* [WORK INSTRUCTIONS] Skip the pictures and return every entry exactly as written.

..............................

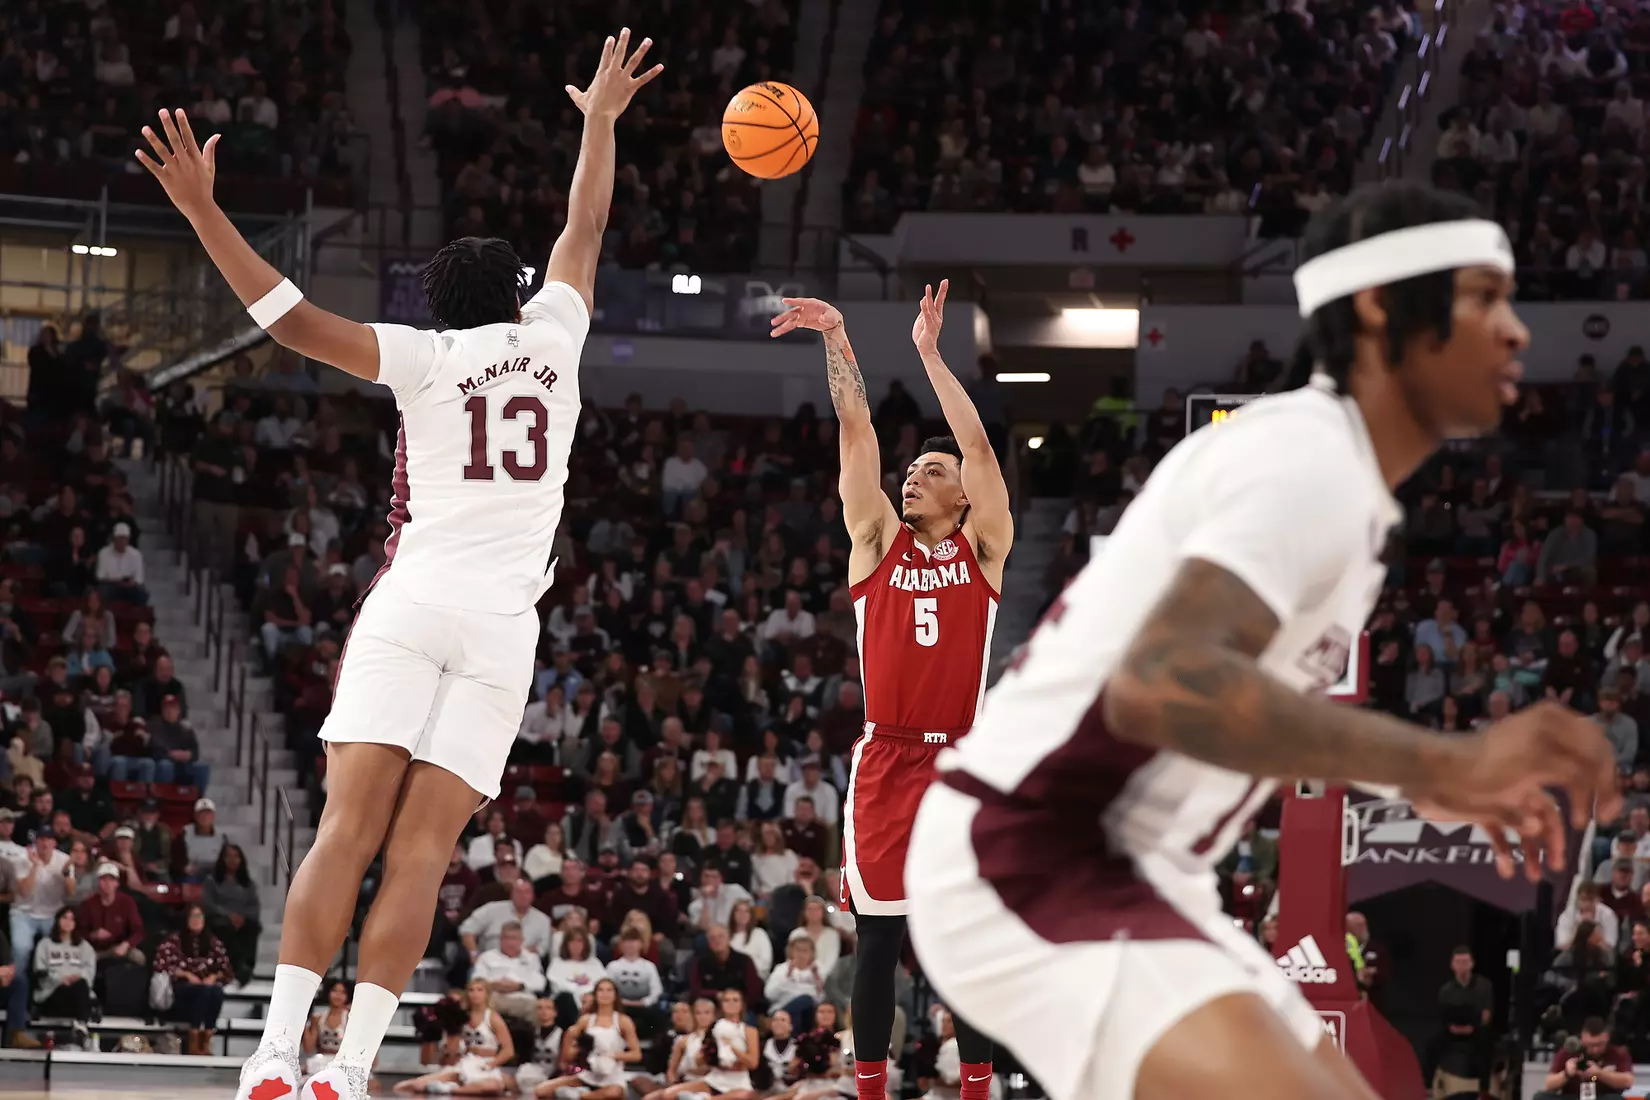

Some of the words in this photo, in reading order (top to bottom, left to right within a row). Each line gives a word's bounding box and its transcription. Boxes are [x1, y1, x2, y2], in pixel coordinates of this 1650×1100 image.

[457, 357, 531, 395] McNAIR
[533, 365, 558, 393] JR.
[462, 394, 549, 483] 13
[936, 541, 954, 556] SEC
[889, 561, 971, 592] ALABAMA
[914, 598, 939, 647] 5
[923, 732, 947, 743] RTR
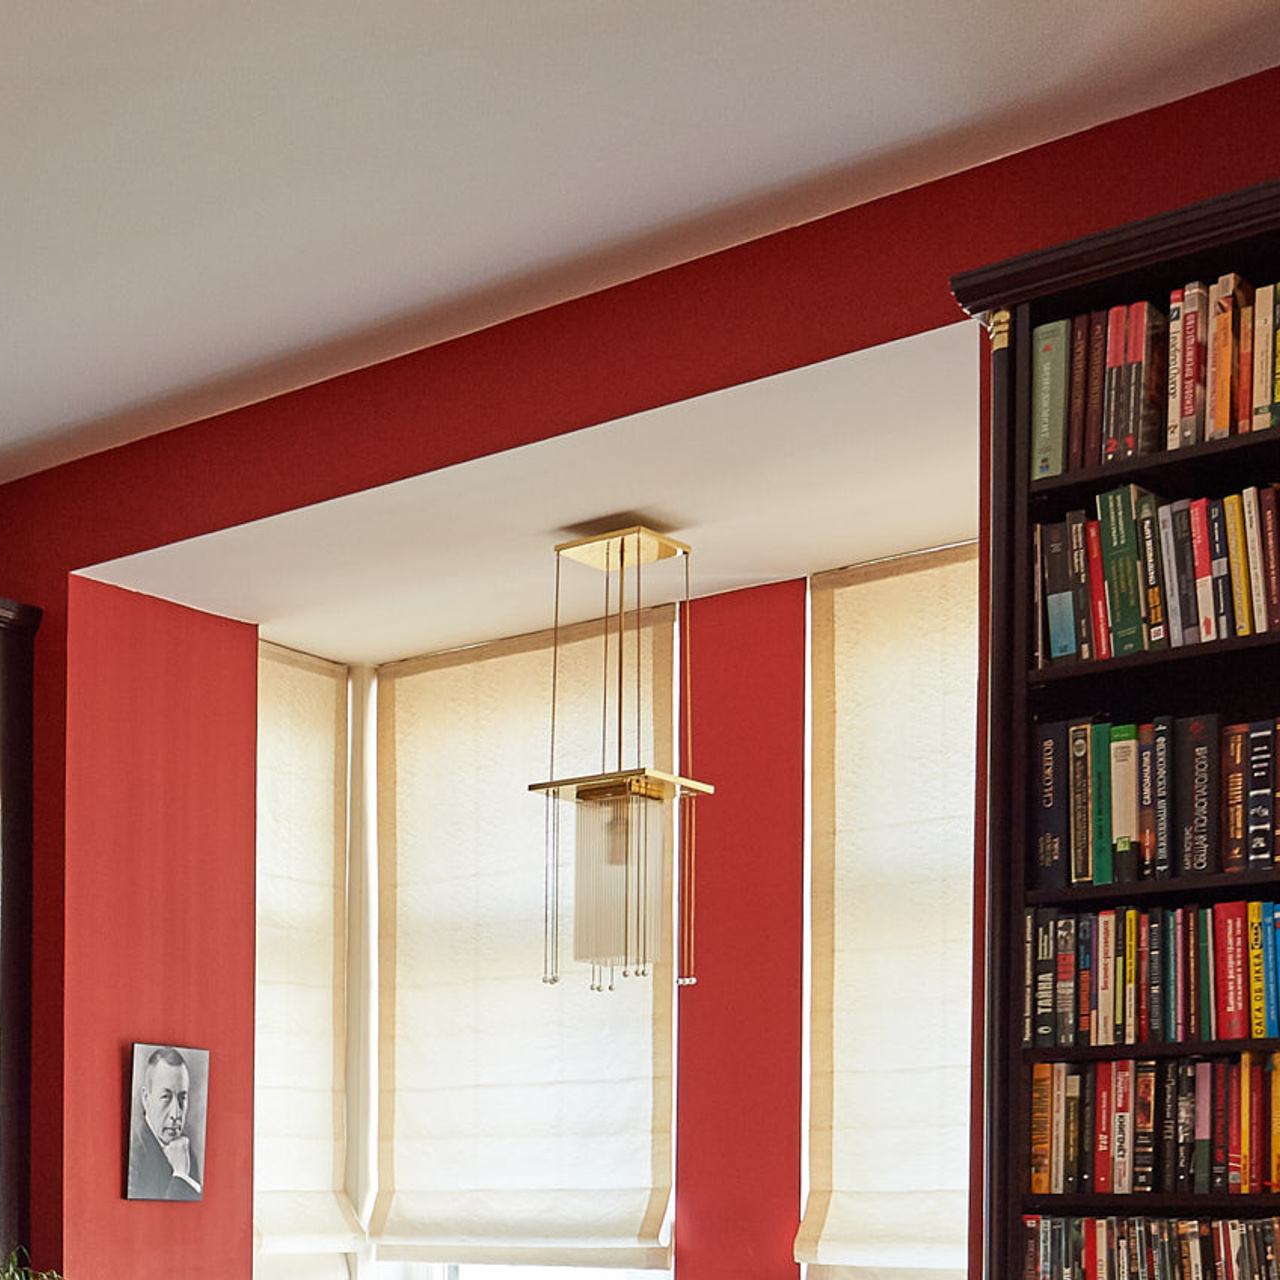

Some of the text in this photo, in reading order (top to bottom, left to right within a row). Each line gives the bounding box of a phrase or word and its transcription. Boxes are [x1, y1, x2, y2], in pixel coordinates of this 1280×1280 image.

[1184, 313, 1197, 415] ЦЕНОВОЕ ПРЕИМУЩЕСТВО
[1040, 361, 1052, 439] МЕНЕДЖМЕНТ
[1106, 439, 1118, 453] 2
[1124, 435, 1135, 449] 1
[1142, 751, 1152, 805] САМОАНАЛИЗ
[1195, 746, 1208, 870] ОБЩАЯ ПСИХОПАТОЛОГИЯ
[1035, 972, 1053, 1015] ТАЙНА
[1252, 953, 1264, 1035] САГА ОБ ИКЕА
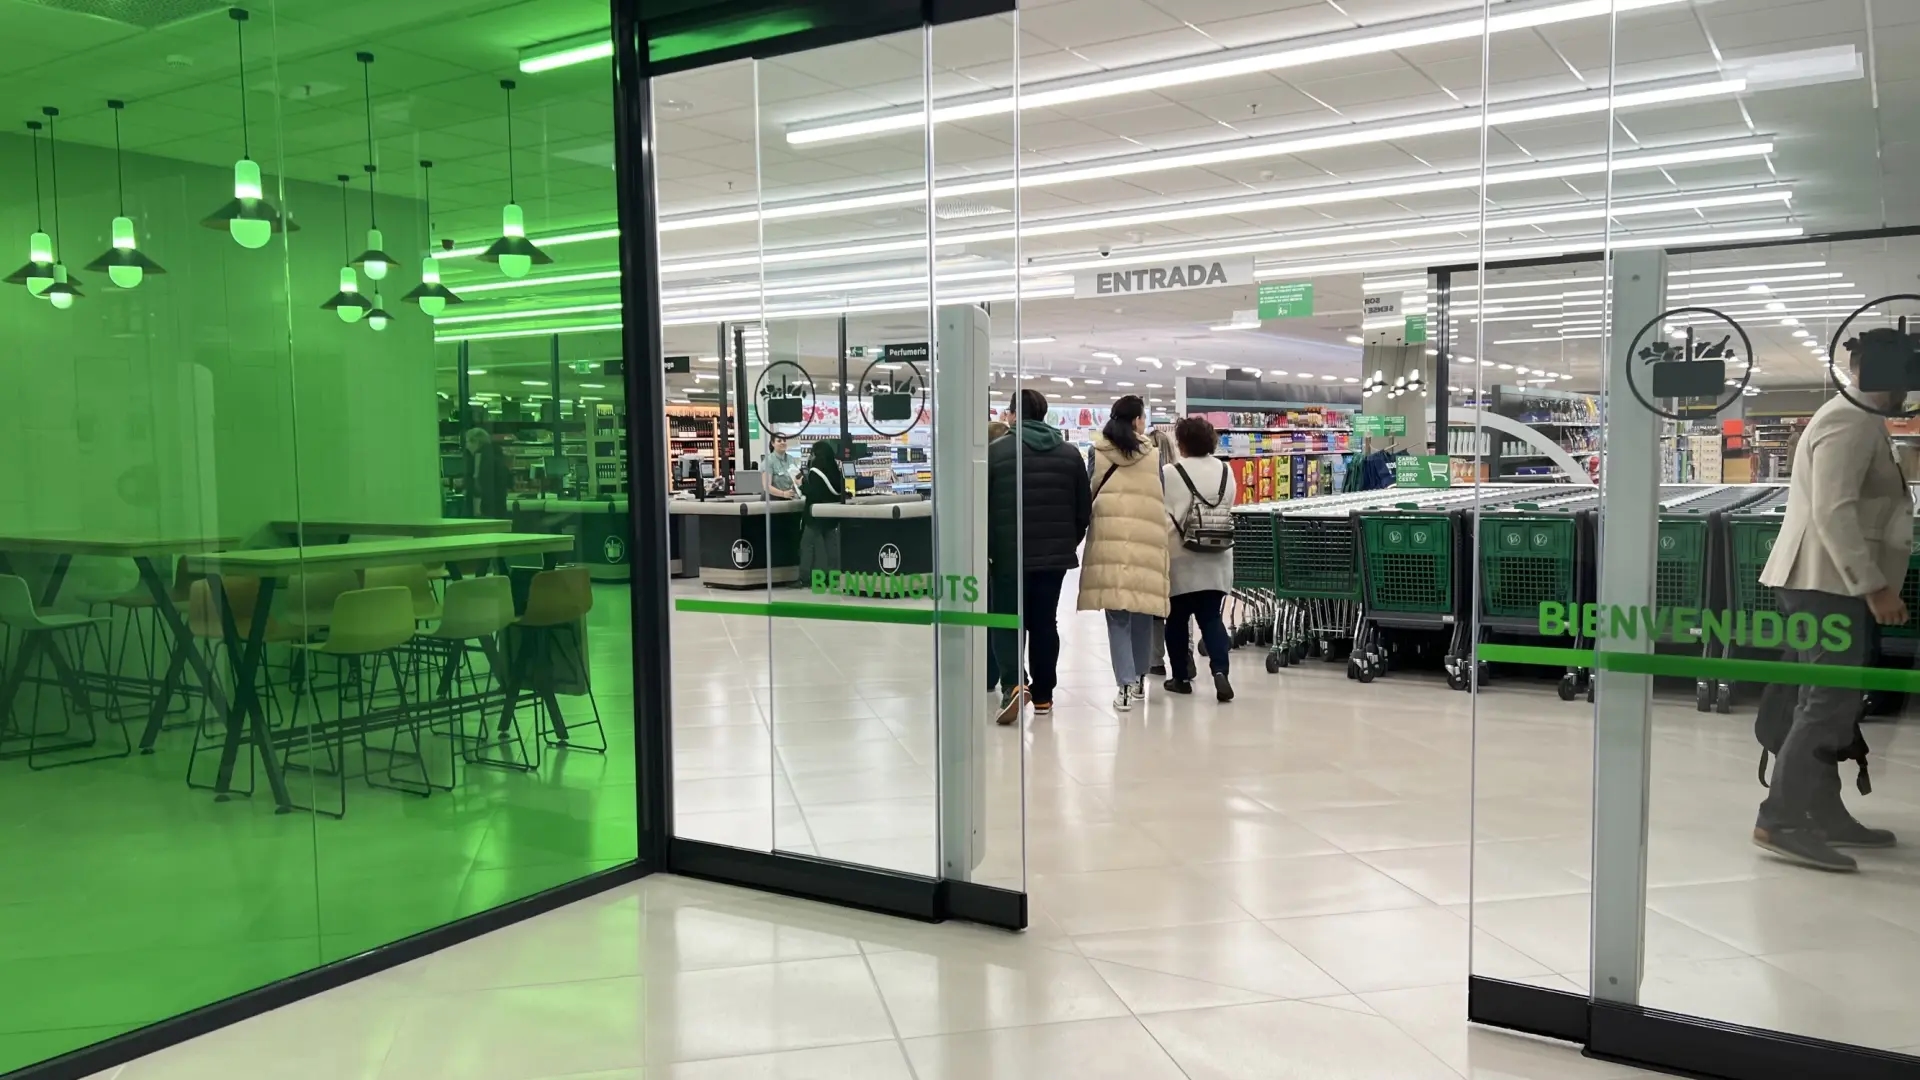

..............................

* [ANSWER FOR THE TASK]
Some of the words in this photo, in reading order (top to bottom, left to right within a row). Each line gives a word's bounding box and its transcription. Boxes are [x1, y1, x2, y2], in pixel coordinates of this 1650×1100 image.

[457, 357, 531, 395] McNAIR
[533, 365, 558, 393] JR.
[462, 394, 549, 483] 13
[936, 541, 954, 556] SEC
[889, 561, 971, 592] ALABAMA
[914, 598, 939, 647] 5
[923, 732, 947, 743] RTR

Some of the text in this photo, in reading order (top to bottom, left to right within a row). Each line gives the bounding box of a phrase or word and its transcription. Boxes are [x1, y1, x2, y2], in pixel coordinates of this 1280×1280 image.

[1184, 313, 1197, 415] ЦЕНОВОЕ ПРЕИМУЩЕСТВО
[1040, 361, 1052, 439] МЕНЕДЖМЕНТ
[1106, 439, 1118, 453] 2
[1124, 435, 1135, 449] 1
[1142, 751, 1152, 805] САМОАНАЛИЗ
[1195, 746, 1208, 870] ОБЩАЯ ПСИХОПАТОЛОГИЯ
[1035, 972, 1053, 1015] ТАЙНА
[1252, 953, 1264, 1035] САГА ОБ ИКЕА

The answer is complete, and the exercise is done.